Before the Supreme Court’s latest decision, the circuits were split on how to interpret the knowledge requirement. In SuperValu, the Seventh Circuit had held that subjective intent was irrelevant if the defendant’s conduct was objectively reasonable—even if the defendant’s interpretation of the law was wrong—and there was no “authoritative guidance” from a circuit court or agency that would have put the defendant on notice that his interpretation was incorrect. Essentially, the Seventh Circuit ruling allowed defendants to avoid FCA liability as long as they could articulate an objectively reasonable interpretation of the law—regardless of whether they actually believed that interpretation at the time of the alleged misconduct. The Eighth and D.C. circuits had previously adopted similar positions. By contrast, the Sixth, Ninth, Tenth, and Eleventh Circuits had held that a court must inquire whether a defendant subjectively knew or should have known that its conduct violated a law or regulation.

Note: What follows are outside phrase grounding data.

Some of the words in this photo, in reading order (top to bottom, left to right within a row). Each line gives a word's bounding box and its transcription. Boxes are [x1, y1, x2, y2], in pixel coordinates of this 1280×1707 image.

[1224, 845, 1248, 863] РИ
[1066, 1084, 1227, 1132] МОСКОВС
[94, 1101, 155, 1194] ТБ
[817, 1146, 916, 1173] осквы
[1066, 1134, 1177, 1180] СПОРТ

In a unanimous decision written by Justice Thomas, the Court vacated the Seventh Circuit’s decision below, rejecting the “objectively reasonable” standard. The Court held that the False Claims Act’s scienter element refers to a defendant’s knowledge and subjective beliefs—not to what an objectively reasonable person may have known or believed. The Court explained that that focus of the “knowledge” analysis should be on what a defendant thought when submitting a claim—not what a defendant could have thought after submitting it.

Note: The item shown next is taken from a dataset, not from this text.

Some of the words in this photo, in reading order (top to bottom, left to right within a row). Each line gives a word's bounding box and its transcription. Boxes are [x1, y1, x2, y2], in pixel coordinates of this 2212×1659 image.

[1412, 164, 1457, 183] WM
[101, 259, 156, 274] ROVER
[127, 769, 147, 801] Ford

More litigation will likely occur in the lower courts to flesh out the details of the Supreme Court’s ruling, as defendants test issues the Court chose not to address in its opinion. In particular, defendants will continue to push back on what precisely constitutes subjective knowledge—who had to know, what did they need to know, whether they were aware of several plausible interpretations of the law, and so forth. While the Court did settle one circuit split, FCA practitioners and litigants will still see a great deal of litigation on the “knowledge” element.

DISCLAIMER: Because of the generality of this update, the information provided herein may not be applicable in all situations and should not be acted upon without specific legal advice based on particular situations.